• [WHAT IS REQUIRED]
Return the records in full, exactly as given.

• [SUPPLIED RECORDS]
• • • • •
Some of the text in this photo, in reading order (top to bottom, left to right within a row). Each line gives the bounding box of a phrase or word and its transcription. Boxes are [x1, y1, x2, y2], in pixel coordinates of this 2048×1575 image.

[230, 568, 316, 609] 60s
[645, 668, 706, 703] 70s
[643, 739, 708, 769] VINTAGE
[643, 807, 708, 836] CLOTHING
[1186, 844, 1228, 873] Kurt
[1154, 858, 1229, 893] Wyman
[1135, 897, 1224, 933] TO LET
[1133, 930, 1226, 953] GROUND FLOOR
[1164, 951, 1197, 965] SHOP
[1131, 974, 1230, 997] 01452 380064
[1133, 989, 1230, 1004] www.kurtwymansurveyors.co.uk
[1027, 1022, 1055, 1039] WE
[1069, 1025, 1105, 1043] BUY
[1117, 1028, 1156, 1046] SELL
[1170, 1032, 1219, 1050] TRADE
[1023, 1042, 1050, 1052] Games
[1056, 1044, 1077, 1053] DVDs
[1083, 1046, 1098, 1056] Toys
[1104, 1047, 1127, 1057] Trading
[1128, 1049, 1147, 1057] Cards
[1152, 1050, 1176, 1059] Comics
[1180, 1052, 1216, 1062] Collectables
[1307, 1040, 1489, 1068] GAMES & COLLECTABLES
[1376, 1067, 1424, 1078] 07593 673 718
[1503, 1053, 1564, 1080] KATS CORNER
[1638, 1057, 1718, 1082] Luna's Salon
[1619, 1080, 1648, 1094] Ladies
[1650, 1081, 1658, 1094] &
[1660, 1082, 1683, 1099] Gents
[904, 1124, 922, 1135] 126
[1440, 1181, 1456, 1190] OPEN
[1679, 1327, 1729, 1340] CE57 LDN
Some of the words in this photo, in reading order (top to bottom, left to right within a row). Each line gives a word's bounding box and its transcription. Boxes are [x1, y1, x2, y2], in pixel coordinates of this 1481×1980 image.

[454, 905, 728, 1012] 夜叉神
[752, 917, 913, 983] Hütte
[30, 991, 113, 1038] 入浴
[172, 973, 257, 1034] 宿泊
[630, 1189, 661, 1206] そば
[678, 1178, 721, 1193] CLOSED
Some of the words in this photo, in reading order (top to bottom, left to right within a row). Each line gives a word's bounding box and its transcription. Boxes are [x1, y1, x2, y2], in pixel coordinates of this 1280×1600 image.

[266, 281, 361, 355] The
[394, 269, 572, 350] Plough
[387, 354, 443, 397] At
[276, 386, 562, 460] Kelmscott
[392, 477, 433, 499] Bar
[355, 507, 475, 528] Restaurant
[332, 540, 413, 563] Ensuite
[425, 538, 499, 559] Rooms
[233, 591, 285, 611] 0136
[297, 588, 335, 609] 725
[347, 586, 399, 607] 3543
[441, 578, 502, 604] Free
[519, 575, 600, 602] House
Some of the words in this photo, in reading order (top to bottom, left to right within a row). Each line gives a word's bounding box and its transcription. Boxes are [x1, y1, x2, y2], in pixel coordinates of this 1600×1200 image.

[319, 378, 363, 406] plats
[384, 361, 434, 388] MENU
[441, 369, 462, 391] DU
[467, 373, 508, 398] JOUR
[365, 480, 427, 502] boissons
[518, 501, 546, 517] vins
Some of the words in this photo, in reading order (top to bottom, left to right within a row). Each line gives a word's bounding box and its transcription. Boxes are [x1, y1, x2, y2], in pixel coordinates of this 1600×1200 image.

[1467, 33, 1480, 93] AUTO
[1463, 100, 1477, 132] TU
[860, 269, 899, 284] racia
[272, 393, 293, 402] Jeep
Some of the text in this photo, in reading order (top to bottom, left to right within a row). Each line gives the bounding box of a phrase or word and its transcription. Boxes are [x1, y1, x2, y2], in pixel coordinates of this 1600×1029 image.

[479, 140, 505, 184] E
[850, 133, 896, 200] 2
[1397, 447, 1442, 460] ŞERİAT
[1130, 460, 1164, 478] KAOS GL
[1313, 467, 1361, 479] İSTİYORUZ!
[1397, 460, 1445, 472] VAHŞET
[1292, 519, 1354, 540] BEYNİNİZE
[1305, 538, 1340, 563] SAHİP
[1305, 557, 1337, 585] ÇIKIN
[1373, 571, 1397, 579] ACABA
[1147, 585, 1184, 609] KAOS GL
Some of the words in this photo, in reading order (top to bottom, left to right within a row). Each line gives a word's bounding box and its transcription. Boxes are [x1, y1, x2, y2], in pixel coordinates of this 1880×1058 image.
• • • • •
• [EXERCISE ANSWER]
Some of the text in this photo, in reading order (top to bottom, left to right within a row). Each line gives the bounding box of a phrase or word and its transcription. Boxes are [x1, y1, x2, y2], in pixel coordinates of this 2048×1575 image.

[230, 568, 316, 609] 60s
[645, 668, 706, 703] 70s
[643, 739, 708, 769] VINTAGE
[643, 807, 708, 836] CLOTHING
[1186, 844, 1228, 873] Kurt
[1154, 858, 1229, 893] Wyman
[1135, 897, 1224, 933] TO LET
[1133, 930, 1226, 953] GROUND FLOOR
[1164, 951, 1197, 965] SHOP
[1131, 974, 1230, 997] 01452 380064
[1133, 989, 1230, 1004] www.kurtwymansurveyors.co.uk
[1027, 1022, 1055, 1039] WE
[1069, 1025, 1105, 1043] BUY
[1117, 1028, 1156, 1046] SELL
[1170, 1032, 1219, 1050] TRADE
[1023, 1042, 1050, 1052] Games
[1056, 1044, 1077, 1053] DVDs
[1083, 1046, 1098, 1056] Toys
[1104, 1047, 1127, 1057] Trading
[1128, 1049, 1147, 1057] Cards
[1152, 1050, 1176, 1059] Comics
[1180, 1052, 1216, 1062] Collectables
[1307, 1040, 1489, 1068] GAMES & COLLECTABLES
[1376, 1067, 1424, 1078] 07593 673 718
[1503, 1053, 1564, 1080] KATS CORNER
[1638, 1057, 1718, 1082] Luna's Salon
[1619, 1080, 1648, 1094] Ladies
[1650, 1081, 1658, 1094] &
[1660, 1082, 1683, 1099] Gents
[904, 1124, 922, 1135] 126
[1440, 1181, 1456, 1190] OPEN
[1679, 1327, 1729, 1340] CE57 LDN
Some of the words in this photo, in reading order (top to bottom, left to right within a row). Each line gives a word's bounding box and its transcription. Boxes are [x1, y1, x2, y2], in pixel coordinates of this 1481×1980 image.

[454, 905, 728, 1012] 夜叉神
[752, 917, 913, 983] Hütte
[30, 991, 113, 1038] 入浴
[172, 973, 257, 1034] 宿泊
[630, 1189, 661, 1206] そば
[678, 1178, 721, 1193] CLOSED
Some of the words in this photo, in reading order (top to bottom, left to right within a row). Each line gives a word's bounding box and its transcription. Boxes are [x1, y1, x2, y2], in pixel coordinates of this 1280×1600 image.

[266, 281, 361, 355] The
[394, 269, 572, 350] Plough
[387, 354, 443, 397] At
[276, 386, 562, 460] Kelmscott
[392, 477, 433, 499] Bar
[355, 507, 475, 528] Restaurant
[332, 540, 413, 563] Ensuite
[425, 538, 499, 559] Rooms
[233, 591, 285, 611] 0136
[297, 588, 335, 609] 725
[347, 586, 399, 607] 3543
[441, 578, 502, 604] Free
[519, 575, 600, 602] House
Some of the words in this photo, in reading order (top to bottom, left to right within a row). Each line gives a word's bounding box and its transcription. Boxes are [x1, y1, x2, y2], in pixel coordinates of this 1600×1200 image.

[319, 378, 363, 406] plats
[384, 361, 434, 388] MENU
[441, 369, 462, 391] DU
[467, 373, 508, 398] JOUR
[365, 480, 427, 502] boissons
[518, 501, 546, 517] vins
Some of the words in this photo, in reading order (top to bottom, left to right within a row). Each line gives a word's bounding box and its transcription. Boxes are [x1, y1, x2, y2], in pixel coordinates of this 1600×1200 image.

[1467, 33, 1480, 93] AUTO
[1463, 100, 1477, 132] TU
[860, 269, 899, 284] racia
[272, 393, 293, 402] Jeep
Some of the text in this photo, in reading order (top to bottom, left to right within a row). Each line gives the bounding box of a phrase or word and its transcription. Boxes are [x1, y1, x2, y2], in pixel coordinates of this 1600×1029 image.

[479, 140, 505, 184] E
[850, 133, 896, 200] 2
[1397, 447, 1442, 460] ŞERİAT
[1130, 460, 1164, 478] KAOS GL
[1313, 467, 1361, 479] İSTİYORUZ!
[1397, 460, 1445, 472] VAHŞET
[1292, 519, 1354, 540] BEYNİNİZE
[1305, 538, 1340, 563] SAHİP
[1305, 557, 1337, 585] ÇIKIN
[1373, 571, 1397, 579] ACABA
[1147, 585, 1184, 609] KAOS GL
Some of the words in this photo, in reading order (top to bottom, left to right within a row). Each line gives a word's bounding box and its transcription. Boxes are [x1, y1, x2, y2], in pixel coordinates of this 1880×1058 image.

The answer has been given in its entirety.